I leave you to ponder the answers to these questions.
Let’s sort the order of the New Testament. Does it appear logical now we know that many people wrote the documents in it? There is not time or space to explore from a historical angle the texts but we accept it contains the narrative of God’s mercy in calling out and sustaining a people who are called to live in obedience to him and be God’s servants in the world. The writings also tell of what God did through Jesus for the salvation of all the world. The New Testament’s task is to record and discuss the events of the life, death and resurrection of Jesus and interpret these events to give us an understanding of what God did for us through his Son.
In Christian terms salvation is only possible through Jesus because he was crucified, for all our sins and we come to share fully in his life if we accept our sinfulness and confess our failings in humility and learn to live more for Christ as we learn about his saving power by the forgiveness of our sin. Having considered briefly a major theme of the New Testament why are the books ordered as we see them?
It begins with the four gospels the narrative of Jesus, his life and teaching, then comes the Acts of the Apostles and the beginning of the early church followed by letters with directions and thoughts on how live as disciples and followers of Jesus in a variety of contexts and places in the then known world of the Mediterranean Sea and against the political situation of the Roman Empire. The final book Revelation offers hope of eternal life with God because Jesus will come again and He is the beginning and the end, the Alpha and Omega and the last two verses state: ‘Surely I am coming soon. Amen. Come Lord Jesus! The grace of the Lord Jesus be with all the saints. Amen.’ (Revelation 22:20-21).
So the order is Gospels: Matthew, Mark, Luke, John.
Beginning of the church Acts of the Apostles
Letters of St. Paul: Romans, 1 and 2 Corinthians, Galatians, Ephesians, Philippians, Colossians, 1 and 2 Thessalonians, 1 and 2 Timothy, Titus, Philemon.

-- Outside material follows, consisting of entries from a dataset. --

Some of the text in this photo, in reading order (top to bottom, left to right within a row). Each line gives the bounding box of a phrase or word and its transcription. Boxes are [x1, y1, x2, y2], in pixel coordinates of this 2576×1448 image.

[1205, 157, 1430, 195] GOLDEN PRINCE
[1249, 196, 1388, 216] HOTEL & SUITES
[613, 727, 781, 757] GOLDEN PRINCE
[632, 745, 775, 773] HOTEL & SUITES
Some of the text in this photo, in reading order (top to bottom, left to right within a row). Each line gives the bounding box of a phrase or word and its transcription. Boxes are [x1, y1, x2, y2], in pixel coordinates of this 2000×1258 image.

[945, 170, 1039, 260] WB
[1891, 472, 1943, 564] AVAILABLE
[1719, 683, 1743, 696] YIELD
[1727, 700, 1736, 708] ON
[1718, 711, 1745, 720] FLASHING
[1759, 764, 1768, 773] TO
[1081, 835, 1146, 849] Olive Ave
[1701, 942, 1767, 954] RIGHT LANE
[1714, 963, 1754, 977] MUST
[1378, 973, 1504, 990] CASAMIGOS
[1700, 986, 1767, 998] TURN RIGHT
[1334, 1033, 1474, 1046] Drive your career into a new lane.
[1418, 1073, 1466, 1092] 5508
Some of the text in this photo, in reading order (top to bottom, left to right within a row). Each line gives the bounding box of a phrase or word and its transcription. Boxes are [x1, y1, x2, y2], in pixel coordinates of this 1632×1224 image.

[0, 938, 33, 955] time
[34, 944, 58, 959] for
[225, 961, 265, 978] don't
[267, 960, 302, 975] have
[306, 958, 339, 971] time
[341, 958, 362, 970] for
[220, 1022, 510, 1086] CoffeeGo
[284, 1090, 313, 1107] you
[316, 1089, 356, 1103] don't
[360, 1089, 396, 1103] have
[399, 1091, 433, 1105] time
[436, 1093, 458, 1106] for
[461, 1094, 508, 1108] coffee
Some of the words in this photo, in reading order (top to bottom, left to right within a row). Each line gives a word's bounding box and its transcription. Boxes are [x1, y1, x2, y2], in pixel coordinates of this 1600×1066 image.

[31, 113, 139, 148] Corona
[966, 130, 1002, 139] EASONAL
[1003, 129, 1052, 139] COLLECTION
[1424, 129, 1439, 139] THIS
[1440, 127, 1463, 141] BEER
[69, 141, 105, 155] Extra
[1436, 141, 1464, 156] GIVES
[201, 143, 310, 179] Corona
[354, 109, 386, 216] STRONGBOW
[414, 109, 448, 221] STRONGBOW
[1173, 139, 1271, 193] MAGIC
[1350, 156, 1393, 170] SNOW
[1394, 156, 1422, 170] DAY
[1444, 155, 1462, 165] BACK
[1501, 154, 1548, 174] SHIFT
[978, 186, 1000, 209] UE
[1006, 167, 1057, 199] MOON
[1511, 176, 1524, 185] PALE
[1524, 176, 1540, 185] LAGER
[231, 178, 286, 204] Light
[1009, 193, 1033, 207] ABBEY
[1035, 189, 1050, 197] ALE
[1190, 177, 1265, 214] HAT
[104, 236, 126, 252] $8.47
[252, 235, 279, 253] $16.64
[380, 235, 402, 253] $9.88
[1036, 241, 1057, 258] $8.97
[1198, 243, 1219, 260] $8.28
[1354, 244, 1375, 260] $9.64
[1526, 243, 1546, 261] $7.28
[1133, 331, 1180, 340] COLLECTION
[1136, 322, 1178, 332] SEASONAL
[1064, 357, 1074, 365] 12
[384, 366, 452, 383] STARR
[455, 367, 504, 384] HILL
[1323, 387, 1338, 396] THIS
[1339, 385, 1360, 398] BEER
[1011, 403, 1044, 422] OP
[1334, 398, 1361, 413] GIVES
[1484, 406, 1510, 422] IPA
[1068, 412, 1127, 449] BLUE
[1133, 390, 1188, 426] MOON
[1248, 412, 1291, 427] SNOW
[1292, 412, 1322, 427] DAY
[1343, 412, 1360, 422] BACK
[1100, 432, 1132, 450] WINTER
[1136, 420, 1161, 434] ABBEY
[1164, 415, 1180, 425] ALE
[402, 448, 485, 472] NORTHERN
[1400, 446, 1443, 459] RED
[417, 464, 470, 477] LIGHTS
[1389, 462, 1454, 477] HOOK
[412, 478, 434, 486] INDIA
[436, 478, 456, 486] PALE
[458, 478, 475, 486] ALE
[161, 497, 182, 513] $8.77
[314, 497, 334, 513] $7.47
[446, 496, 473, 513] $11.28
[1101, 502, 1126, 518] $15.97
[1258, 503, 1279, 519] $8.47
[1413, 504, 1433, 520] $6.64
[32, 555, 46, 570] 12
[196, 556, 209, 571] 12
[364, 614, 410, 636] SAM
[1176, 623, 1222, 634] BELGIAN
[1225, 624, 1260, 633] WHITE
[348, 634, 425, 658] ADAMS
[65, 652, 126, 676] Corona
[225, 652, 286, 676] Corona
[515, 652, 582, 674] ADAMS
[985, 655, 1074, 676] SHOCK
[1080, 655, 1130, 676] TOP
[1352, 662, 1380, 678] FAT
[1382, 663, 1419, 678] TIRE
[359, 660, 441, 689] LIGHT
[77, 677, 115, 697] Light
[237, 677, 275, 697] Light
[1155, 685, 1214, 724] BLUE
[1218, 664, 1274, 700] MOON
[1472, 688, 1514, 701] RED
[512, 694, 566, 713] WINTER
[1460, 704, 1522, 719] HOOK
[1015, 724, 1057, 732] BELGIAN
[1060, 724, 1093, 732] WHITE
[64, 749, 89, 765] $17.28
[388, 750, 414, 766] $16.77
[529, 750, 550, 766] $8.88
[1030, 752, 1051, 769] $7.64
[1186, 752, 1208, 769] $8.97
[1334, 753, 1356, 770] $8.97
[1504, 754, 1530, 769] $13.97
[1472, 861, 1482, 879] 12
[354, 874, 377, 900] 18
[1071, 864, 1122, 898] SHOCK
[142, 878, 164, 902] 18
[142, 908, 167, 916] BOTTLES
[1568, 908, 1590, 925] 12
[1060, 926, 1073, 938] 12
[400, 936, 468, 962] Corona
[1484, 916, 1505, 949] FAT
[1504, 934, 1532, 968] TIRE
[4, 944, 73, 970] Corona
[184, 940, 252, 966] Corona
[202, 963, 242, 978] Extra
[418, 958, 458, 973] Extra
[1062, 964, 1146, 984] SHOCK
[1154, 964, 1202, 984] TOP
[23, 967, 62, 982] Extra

Other letters to different groups and individuals: Hebrews, James, 1 and 2 Peter, 1, 2 and 3 John, Jude.
The future and hope of everlasting life: Revelation.
Therefore as we read the bible let us remember it is more than a historical document. It is a record of God’s dealing with people throughout the ages. It is also a record of Jesus Christ, ‘the Word became flesh’ . The bible speaks to all, young and old, to help understand, believe and respond to its message.
As the collect for Bible Sunday states:
Blessed Lord, who has caused all holy Scriptures to be written for our learning, help us so to hear them, to read, mark, learn and inwardly digest them that, through patience, and the comforts of your holy word, we may embrace and for ever hold fast the hope of everlasting life, which you have given us in our Saviour Jesus Christ, who is alive and reigns with you in the unity of the Holy Spirit, one God, now and for ever.